§ What to do
Take the lines from the one with "this 1328×1328 image." to the end of the listing, both ends included, and quote them exactly, leaving pictures out.

§ Data extracts
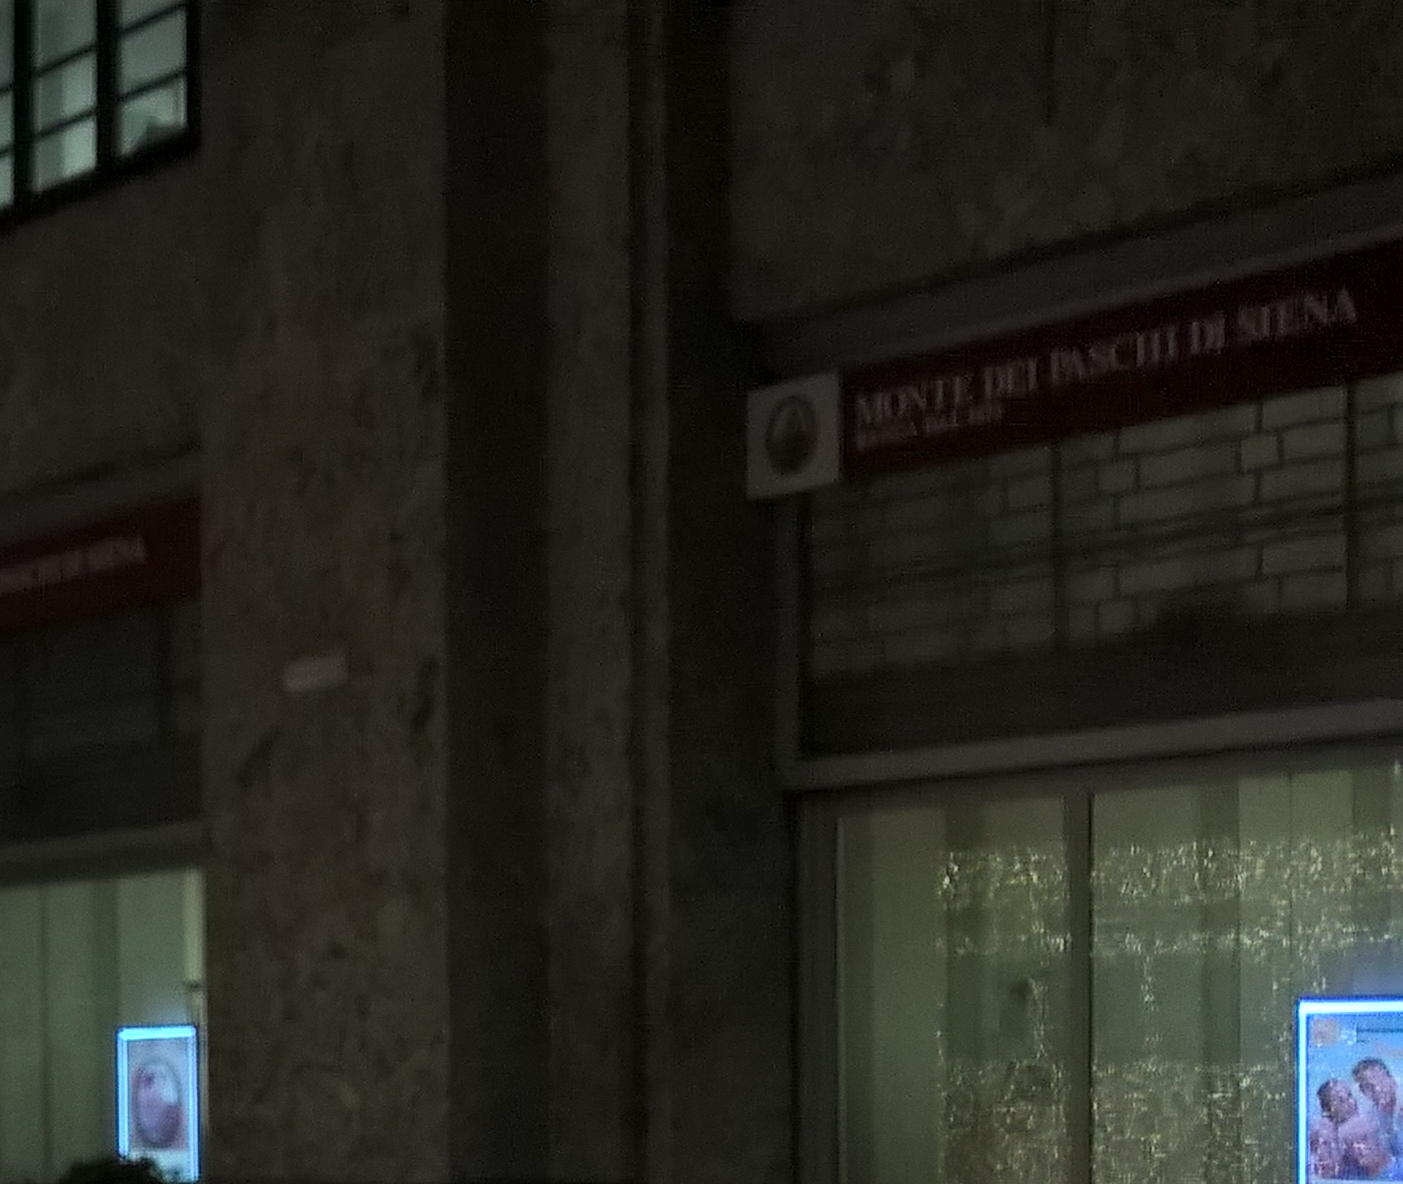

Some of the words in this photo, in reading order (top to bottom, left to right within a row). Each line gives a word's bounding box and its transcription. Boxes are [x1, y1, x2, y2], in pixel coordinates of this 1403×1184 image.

[854, 372, 974, 427] MONTE
[983, 357, 1040, 400] DEI
[1049, 323, 1181, 386] PASCHI
[1190, 313, 1226, 354] DI
[1236, 287, 1361, 343] SIENA
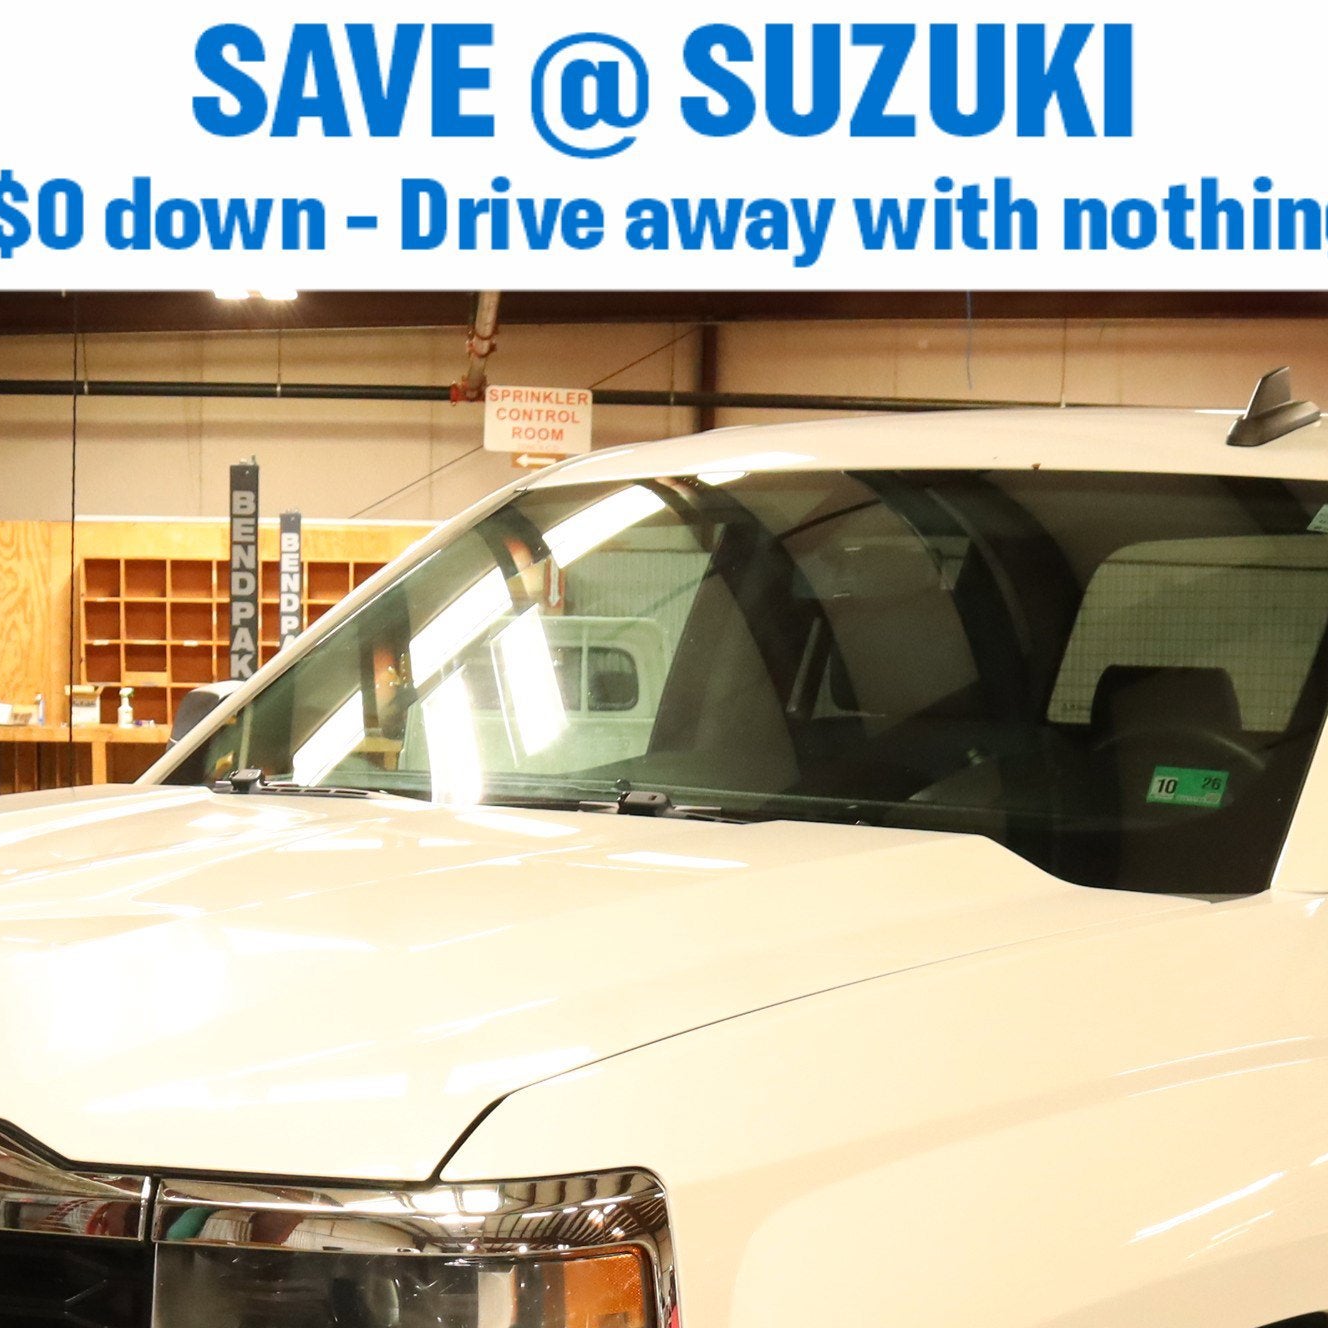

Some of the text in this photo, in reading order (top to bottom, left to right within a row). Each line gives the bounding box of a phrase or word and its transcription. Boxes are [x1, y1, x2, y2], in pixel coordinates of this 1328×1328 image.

[490, 389, 588, 406] SPRINKLER
[496, 407, 580, 424] CONTROL
[512, 427, 564, 441] ROOM
[230, 490, 256, 679] BENDPAK
[1157, 778, 1221, 794] 10 26
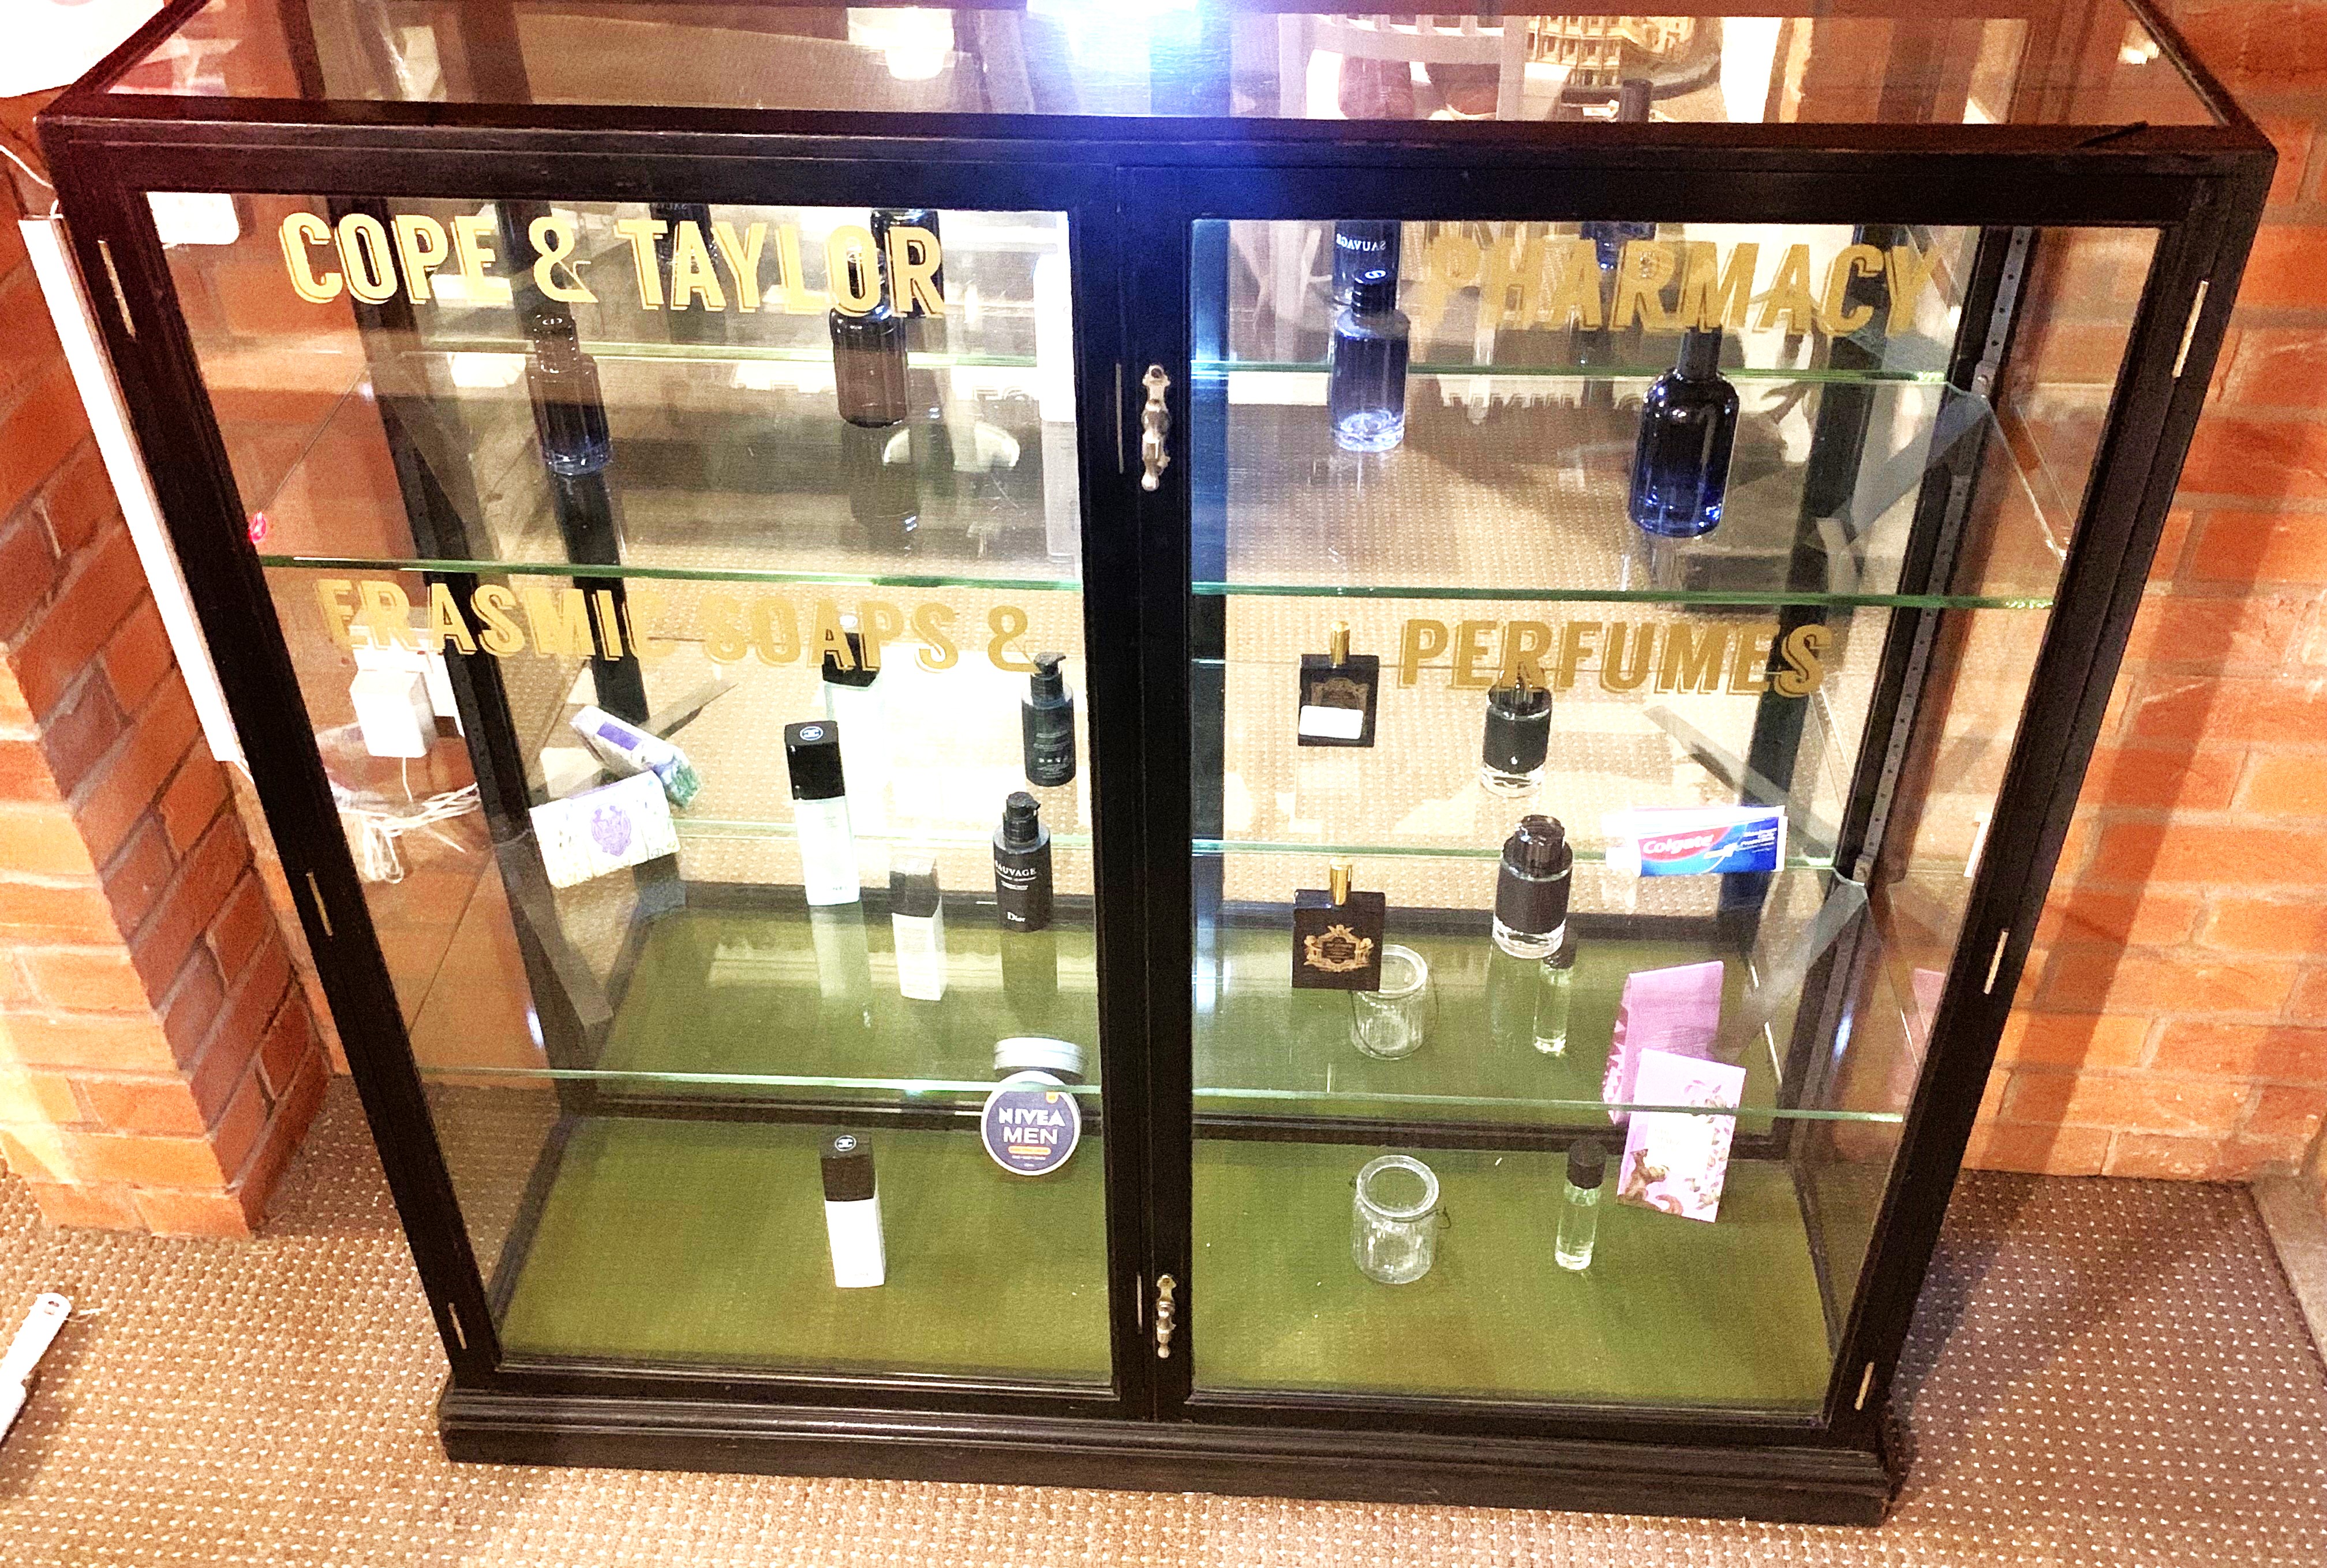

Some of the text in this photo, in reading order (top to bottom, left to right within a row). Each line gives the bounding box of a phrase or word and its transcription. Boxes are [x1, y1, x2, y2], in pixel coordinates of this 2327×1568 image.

[279, 212, 945, 318] COPE & TAYLOR
[1422, 235, 1944, 338] PHARMACY
[315, 578, 1041, 674] ERASMIC SOAPS &
[1397, 618, 1833, 699] PERFUMES
[1643, 834, 1715, 854] Colgate
[998, 1107, 1066, 1127] NIVEA
[1003, 1126, 1058, 1144] MEN

§ Problem solution
Some of the text in this photo, in reading order (top to bottom, left to right within a row). Each line gives the bounding box of a phrase or word and its transcription. Boxes are [x1, y1, x2, y2], in pixel coordinates of this 1328×1328 image.

[490, 389, 588, 406] SPRINKLER
[496, 407, 580, 424] CONTROL
[512, 427, 564, 441] ROOM
[230, 490, 256, 679] BENDPAK
[1157, 778, 1221, 794] 10 26

Some of the text in this photo, in reading order (top to bottom, left to right within a row). Each line gives the bounding box of a phrase or word and its transcription. Boxes are [x1, y1, x2, y2], in pixel coordinates of this 2327×1568 image.

[279, 212, 945, 318] COPE & TAYLOR
[1422, 235, 1944, 338] PHARMACY
[315, 578, 1041, 674] ERASMIC SOAPS &
[1397, 618, 1833, 699] PERFUMES
[1643, 834, 1715, 854] Colgate
[998, 1107, 1066, 1127] NIVEA
[1003, 1126, 1058, 1144] MEN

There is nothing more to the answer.